Tuesday night's game between the Philadelphia Phillies and Toronto Blue Jays presented a lot to be unpacked, but let's attempt to break it down, shall we?
Philadelphia dropped the first of a two-game set to Toronto 18-11. It's not typically a good sign to see scores such as this this late in the season, but alas, it's September and they are the Phillies. They're bound to make it as difficult as possible.
The Phillies sent Kyle Gibson to the mound, who wound up allowing a career-high 12 hits in five innings of work, and was charged with seven runs.
From the first inning on, the Blue Jays kept piling on runs. They jumped out to a 6-0 lead in the third, and were held scoreless in just one inning: the fourth.
In their half of fourth, Philadelphia began chipping away at Toronto's daunting early lead against Jays' starter Ross Stripling. Bryson Stott's RBI single brought home Bryce Harper to make it 6-1.
The Blue Jays tacked on another run in the fifth to make it 7-1, but Dalton Guthrie launched his first career home run, a solo shot in the bottom half of the frame, to cut the deficit to five runs. His homer sparked a productive inning for the Phillies' offense.
A Rhys Hoskins double, and Harper and J.T. Realmuto singles brought the club within two runs with four innings left to play. Things were beginning to look up for a team who was tasked with climbing out of a 6-0 hole.
Unfortunately, the Phillies' scoring threat was ended when Harper was doubled up at second base after making a poor base running choice. Things like that simply can't happen, especially with a 10-year MLB veteran on the base paths.
Zach Eflin was brought in for the sixth inning, and he likely could have escaped the inning unscathed, but a Stott throwing error allowed George Springer, who led off the inning with a double, and Vladimir Guerrero Jr. to advance to second and third with no outs. Yet another thing that can't happen: lazy defensive mistakes.
By the end of the sixth inning, the Phillies were trailing by three runs. The game was still very much within reach. That wouldn't last long though.
Connor Brogdon entered in the seventh, and he continued to struggle. He surrendered two more runs on a Raimel Tapia triple and a wild pitch. The Phillies failed to score in their half of the inning.
Sam Coonrod was on the hill in the eighth, and he allowed four more Toronto runs to score in the inning to make it 14-5. A game that was once as close as two runs was now a nine-run deficit.
Just when you thought you couldn't take any more, Kyle Schwarber supplied just a bit more hope when he blasted his 40th home run of the year in the bottom of the eighth inning—the first Phillie to accomplish such a feat since Ryan Howard in 2009. His three-run shot made it 14-10. Within four runs, now? Hmm, it's possible.
Except, the Blue Jays still weren't done. They scored four more runs in the ninth inning off of Brad Hand, bringing their total runs to 18 and hits to 21. Garrett Stubbs was forced to finish out the inning.

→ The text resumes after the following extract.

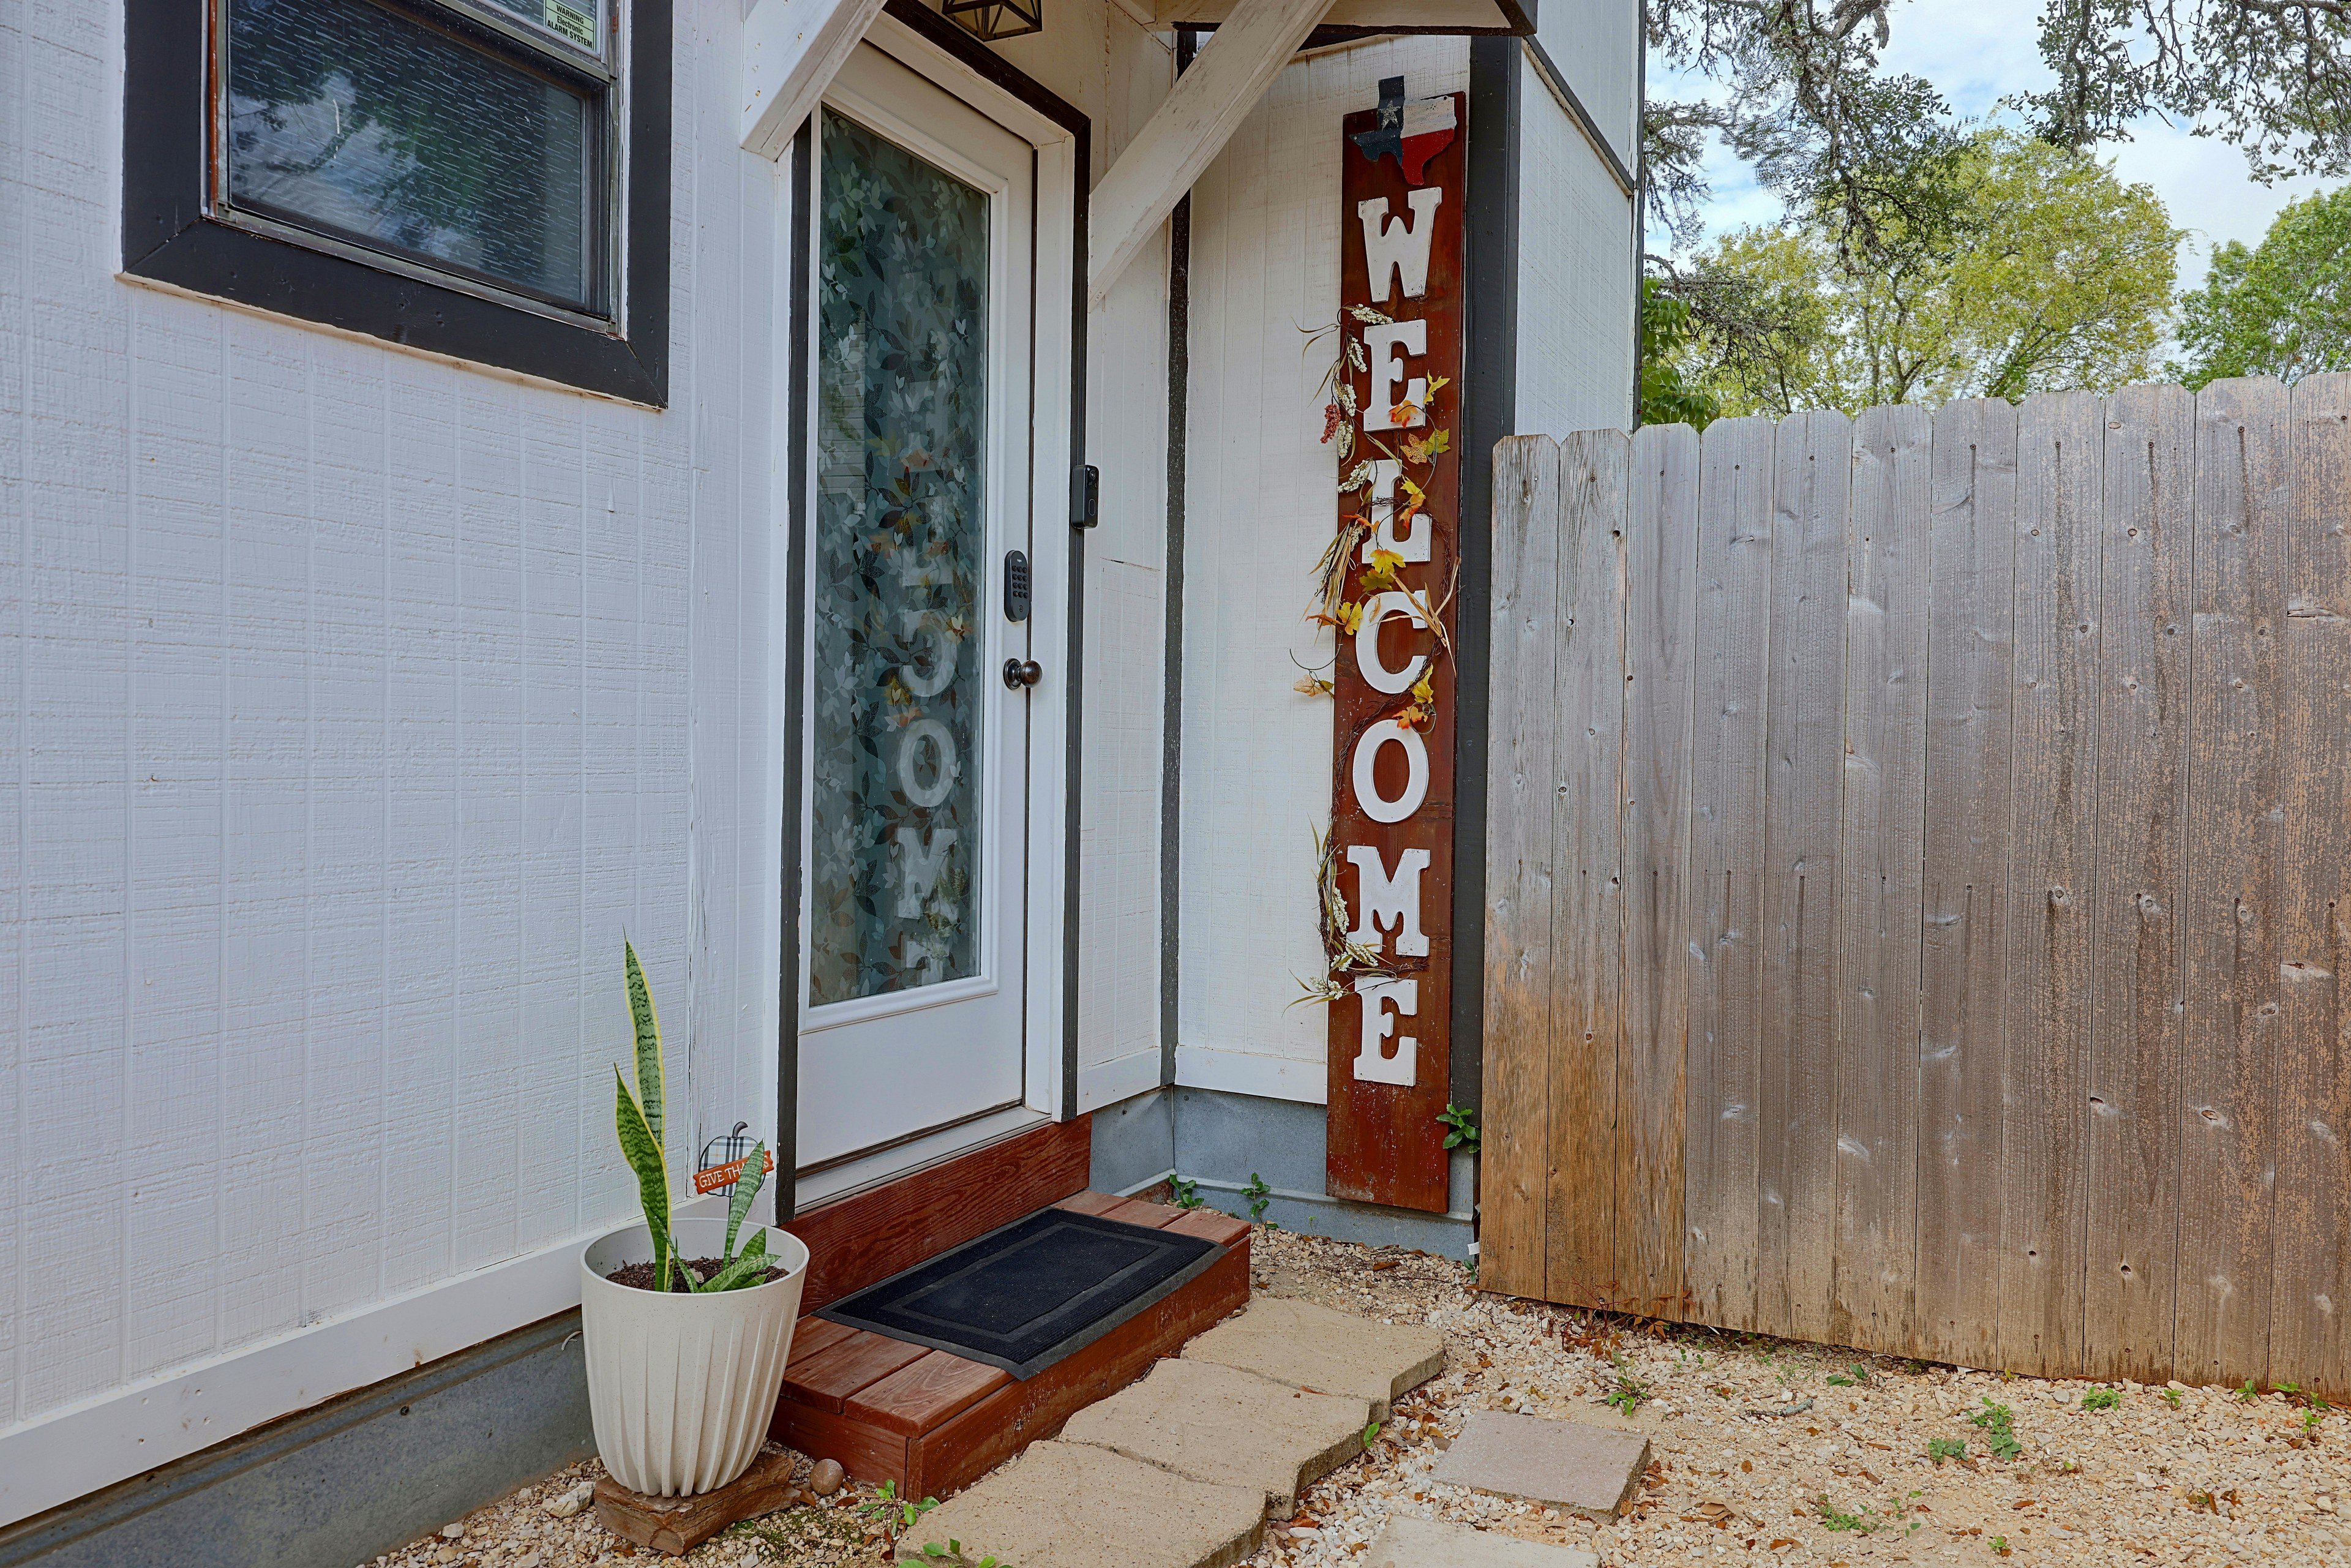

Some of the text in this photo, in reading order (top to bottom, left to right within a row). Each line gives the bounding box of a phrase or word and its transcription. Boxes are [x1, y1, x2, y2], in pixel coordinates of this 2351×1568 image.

Realmuto made things interesting in the ninth, hitting a solo home run to center field to cap off a 5-for-5 night at the plate. It wouldn't be enough though, as Philadelphia lost their fifth straight game.

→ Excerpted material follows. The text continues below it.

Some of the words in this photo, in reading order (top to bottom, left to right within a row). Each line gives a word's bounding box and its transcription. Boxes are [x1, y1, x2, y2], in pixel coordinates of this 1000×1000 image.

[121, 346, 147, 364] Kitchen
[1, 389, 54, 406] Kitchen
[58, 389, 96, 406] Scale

Despite this, the Milwaukee Brewers lost to the New York Mets, thus keeping the Phillies lead over them for the final NL Wild Card spot at 2.5 games. Their magic number is 12.
They'll look to have a much more normal, competitive baseball game and go for the series split on Wednesday night at 6:40 p.m EDT. Zack Wheeler is set to make his return to the bump against Toronto's Kevin Gausman.